TO DO: Set down every line of the data exactly, skipping the pictures.

THE DATA:
[Start of Attachment]

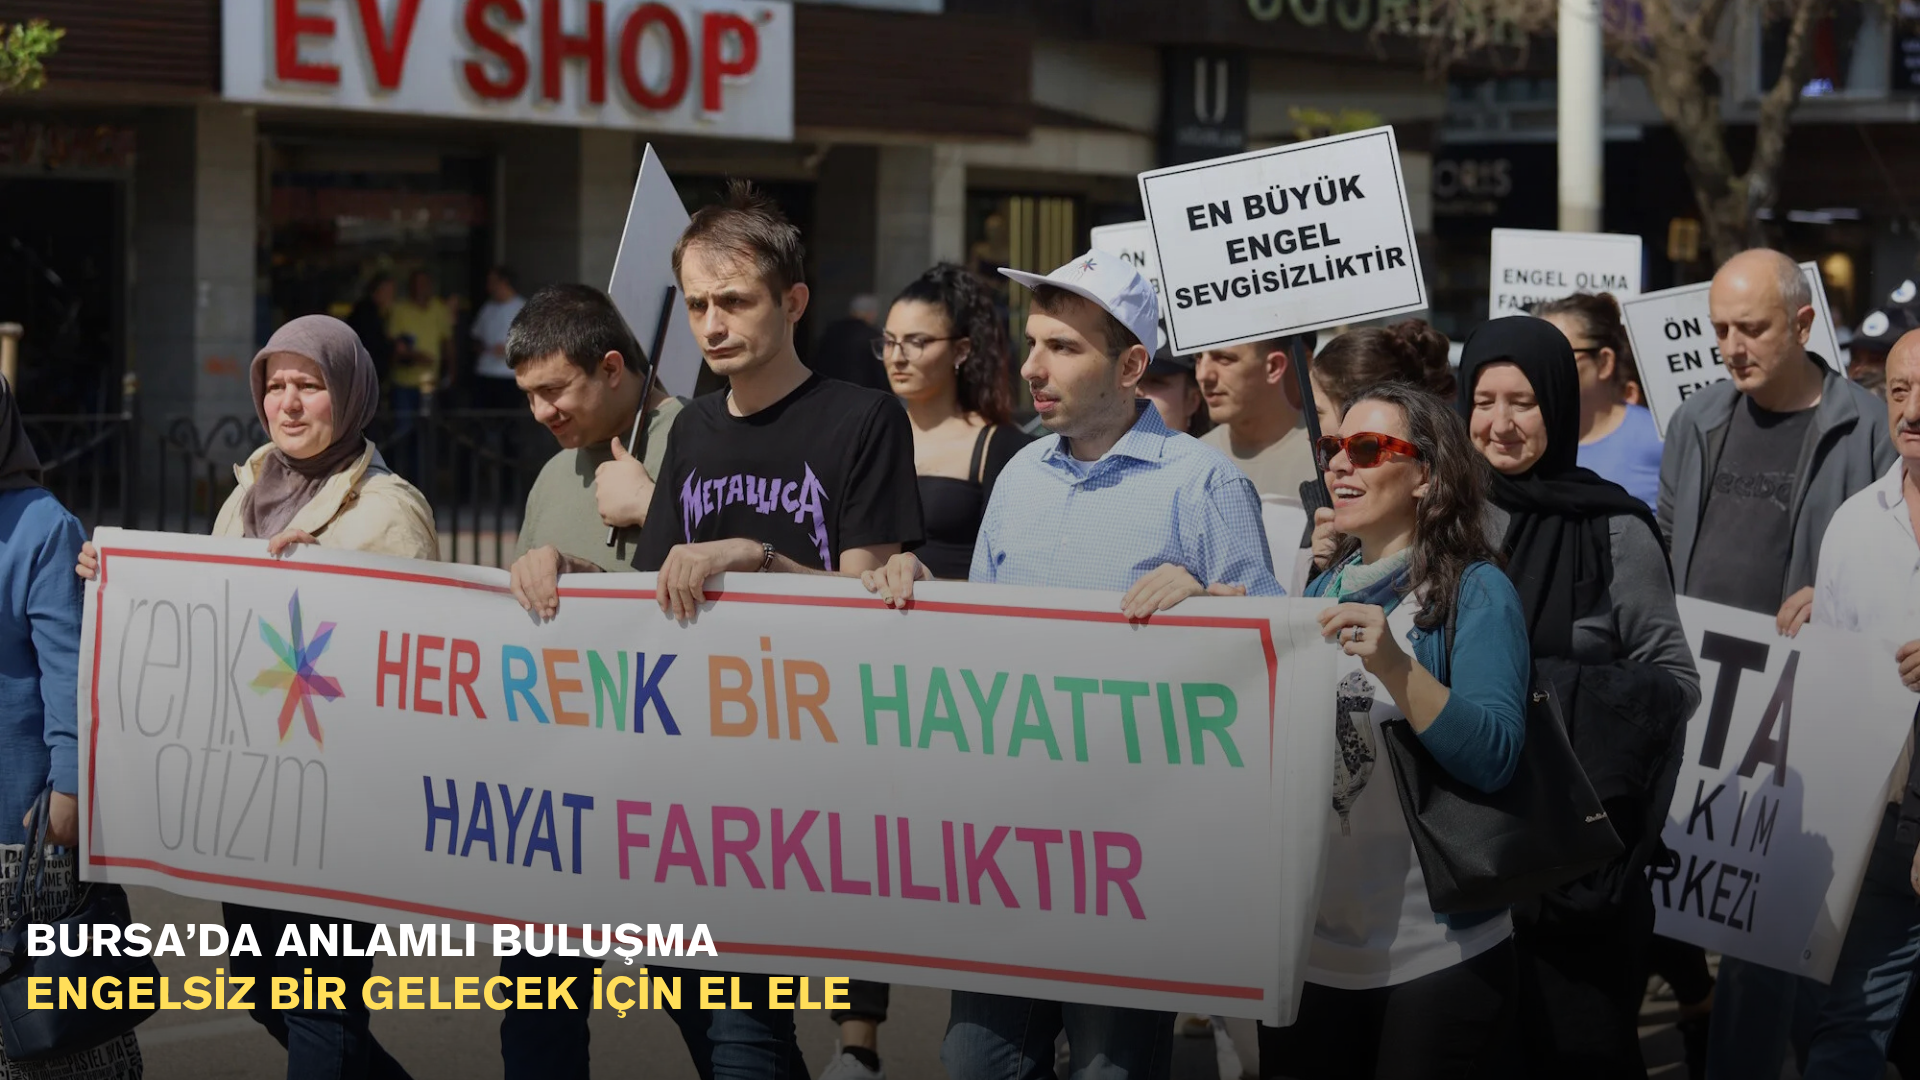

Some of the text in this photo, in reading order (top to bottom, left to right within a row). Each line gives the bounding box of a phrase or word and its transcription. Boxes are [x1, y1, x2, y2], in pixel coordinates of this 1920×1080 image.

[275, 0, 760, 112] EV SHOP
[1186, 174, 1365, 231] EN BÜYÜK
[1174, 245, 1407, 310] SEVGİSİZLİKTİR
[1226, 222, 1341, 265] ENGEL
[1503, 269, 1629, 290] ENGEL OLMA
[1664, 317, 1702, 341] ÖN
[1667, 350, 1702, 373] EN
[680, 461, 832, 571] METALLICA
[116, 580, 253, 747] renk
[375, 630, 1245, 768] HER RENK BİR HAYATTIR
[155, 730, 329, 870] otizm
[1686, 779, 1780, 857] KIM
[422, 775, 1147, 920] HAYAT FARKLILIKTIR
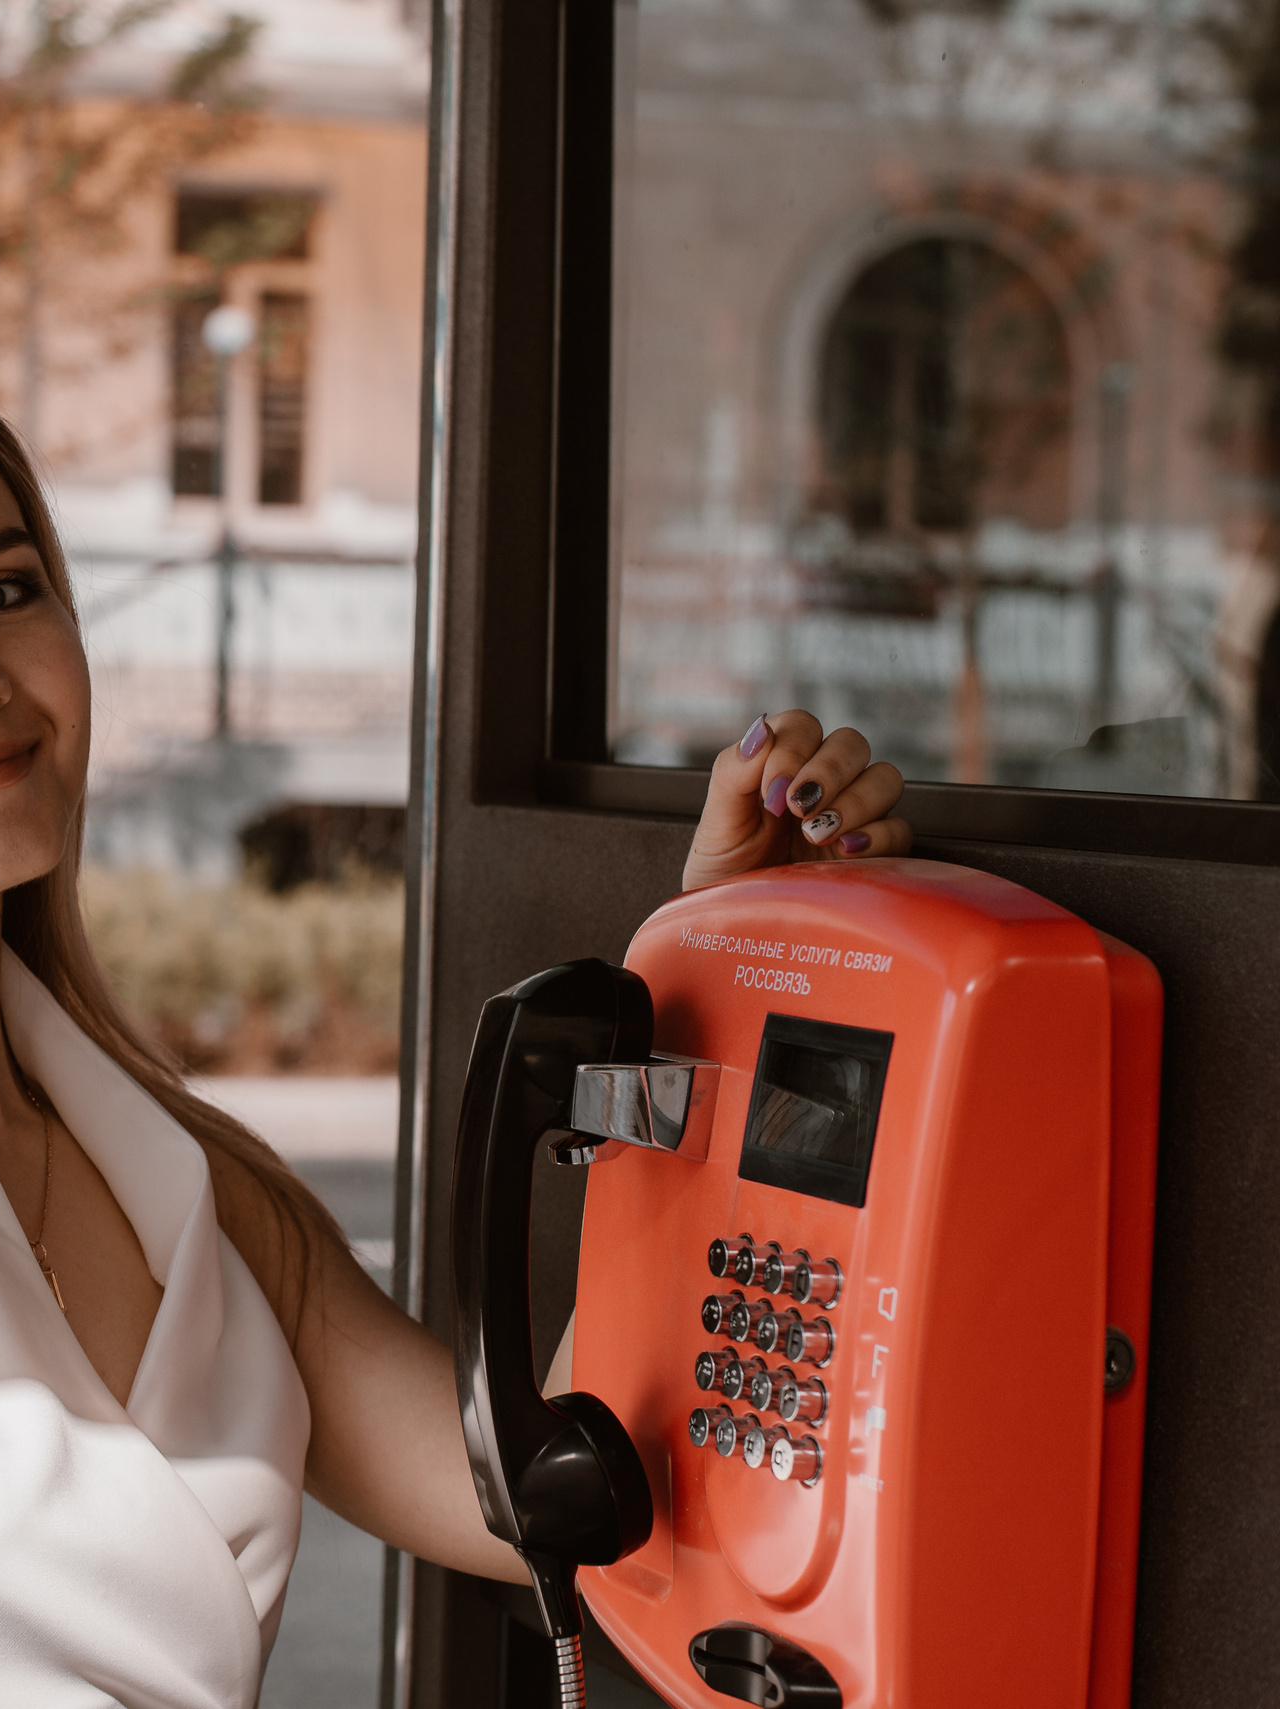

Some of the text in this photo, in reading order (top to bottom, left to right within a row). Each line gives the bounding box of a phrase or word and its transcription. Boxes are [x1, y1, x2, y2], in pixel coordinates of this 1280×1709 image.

[End of Attachment]

EXERCISE RESULT:
Some of the text in this photo, in reading order (top to bottom, left to right within a row). Each line gives the bounding box of a phrase or word and its transcription. Boxes are [x1, y1, x2, y2], in pixel coordinates of this 1920×1080 image.

[275, 0, 760, 112] EV SHOP
[1186, 174, 1365, 231] EN BÜYÜK
[1174, 245, 1407, 310] SEVGİSİZLİKTİR
[1226, 222, 1341, 265] ENGEL
[1503, 269, 1629, 290] ENGEL OLMA
[1664, 317, 1702, 341] ÖN
[1667, 350, 1702, 373] EN
[680, 461, 832, 571] METALLICA
[116, 580, 253, 747] renk
[375, 630, 1245, 768] HER RENK BİR HAYATTIR
[155, 730, 329, 870] otizm
[1686, 779, 1780, 857] KIM
[422, 775, 1147, 920] HAYAT FARKLILIKTIR

Some of the text in this photo, in reading order (top to bottom, left to right within a row). Each line gives the bounding box of a phrase or word and its transcription. Boxes are [x1, y1, x2, y2], in pixel coordinates of this 1280×1709 image.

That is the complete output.